## [Task]
Could you set down the listing below exactly, leaving out its pictures?

## [Available data]

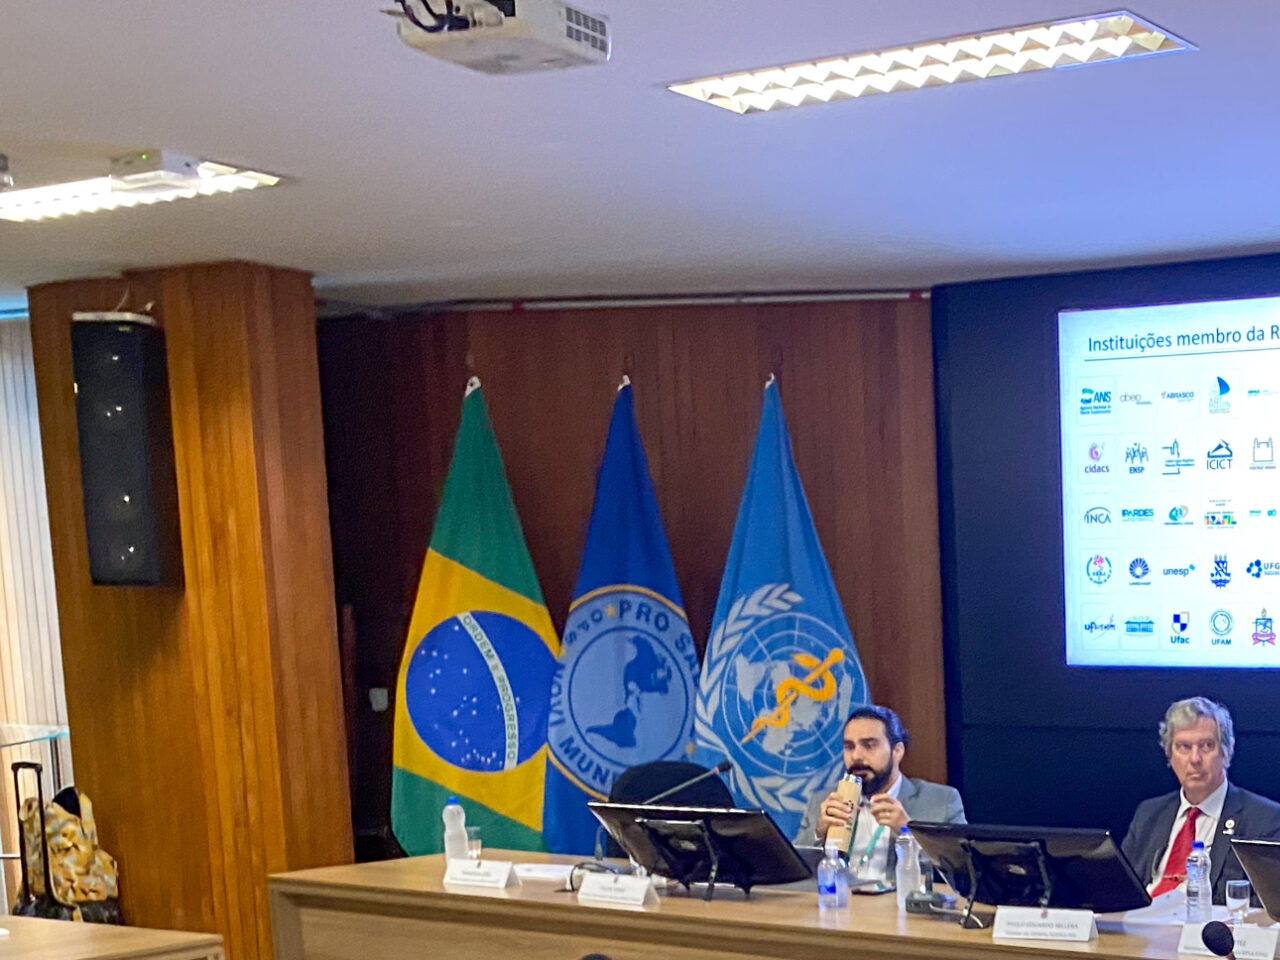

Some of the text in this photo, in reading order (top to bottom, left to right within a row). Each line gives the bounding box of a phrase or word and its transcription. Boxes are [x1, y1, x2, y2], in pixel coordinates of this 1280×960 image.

[1088, 332, 1172, 352] Instituições
[1176, 328, 1242, 347] membro
[1246, 326, 1265, 342] da
[1093, 391, 1111, 403] ANS
[1084, 464, 1110, 474] cidacs
[1206, 459, 1232, 470] ICICT
[1084, 510, 1111, 524] INCA
[1163, 567, 1189, 577] unesp
[1263, 562, 1280, 570] UFG
[618, 599, 670, 633] PRO
[1170, 635, 1190, 644] Ufac
[462, 615, 495, 660] ORDEM
[498, 676, 517, 761] PROGRESSO
[558, 735, 613, 788] MUN

## [Result of this exercise]
Some of the text in this photo, in reading order (top to bottom, left to right within a row). Each line gives the bounding box of a phrase or word and its transcription. Boxes are [x1, y1, x2, y2], in pixel coordinates of this 1280×960 image.

[1088, 332, 1172, 352] Instituições
[1176, 328, 1242, 347] membro
[1246, 326, 1265, 342] da
[1093, 391, 1111, 403] ANS
[1084, 464, 1110, 474] cidacs
[1206, 459, 1232, 470] ICICT
[1084, 510, 1111, 524] INCA
[1163, 567, 1189, 577] unesp
[1263, 562, 1280, 570] UFG
[618, 599, 670, 633] PRO
[1170, 635, 1190, 644] Ufac
[462, 615, 495, 660] ORDEM
[498, 676, 517, 761] PROGRESSO
[558, 735, 613, 788] MUN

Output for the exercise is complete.